- TASK GOAL:
Reproduce the data below exactly as written. Pictures do not belong in the copy.

(Stored items)
'''
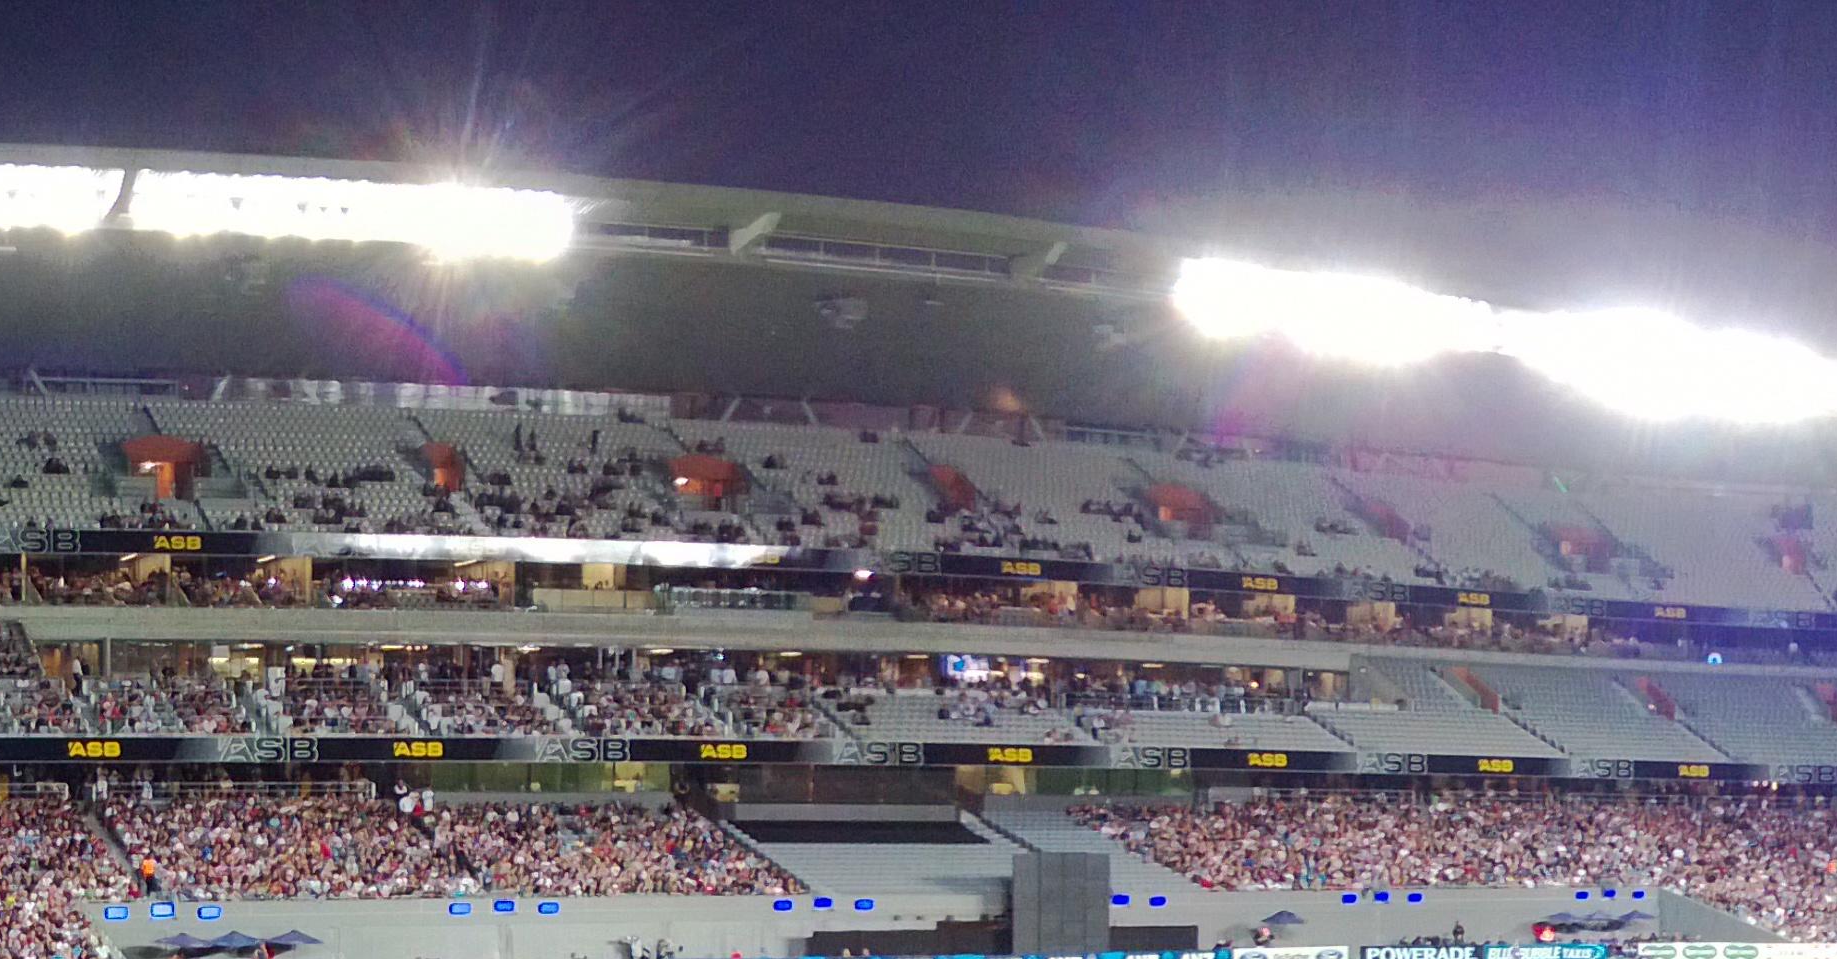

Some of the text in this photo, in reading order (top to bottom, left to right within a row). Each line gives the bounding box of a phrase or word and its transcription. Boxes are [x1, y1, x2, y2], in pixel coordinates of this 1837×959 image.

[154, 535, 202, 551] ASB
[1001, 560, 1042, 577] ASB
[1242, 576, 1279, 591] ASB
[1458, 592, 1491, 606] ASB
[1654, 606, 1687, 618] ASB
[68, 742, 121, 758] ASB
[393, 742, 444, 758] ASB
[700, 743, 747, 759] ASB
[835, 742, 924, 765] ASB
[988, 747, 1032, 762] ASB
[1113, 746, 1192, 770] ASB
[1248, 752, 1288, 768] ASB
[1365, 752, 1428, 774] ASB
[1478, 759, 1514, 773] ASB
[1678, 763, 1710, 778] ASB
'''
- YOUR RESPONSE:
Some of the text in this photo, in reading order (top to bottom, left to right within a row). Each line gives the bounding box of a phrase or word and its transcription. Boxes are [x1, y1, x2, y2], in pixel coordinates of this 1837×959 image.

[154, 535, 202, 551] ASB
[1001, 560, 1042, 577] ASB
[1242, 576, 1279, 591] ASB
[1458, 592, 1491, 606] ASB
[1654, 606, 1687, 618] ASB
[68, 742, 121, 758] ASB
[393, 742, 444, 758] ASB
[700, 743, 747, 759] ASB
[835, 742, 924, 765] ASB
[988, 747, 1032, 762] ASB
[1113, 746, 1192, 770] ASB
[1248, 752, 1288, 768] ASB
[1365, 752, 1428, 774] ASB
[1478, 759, 1514, 773] ASB
[1678, 763, 1710, 778] ASB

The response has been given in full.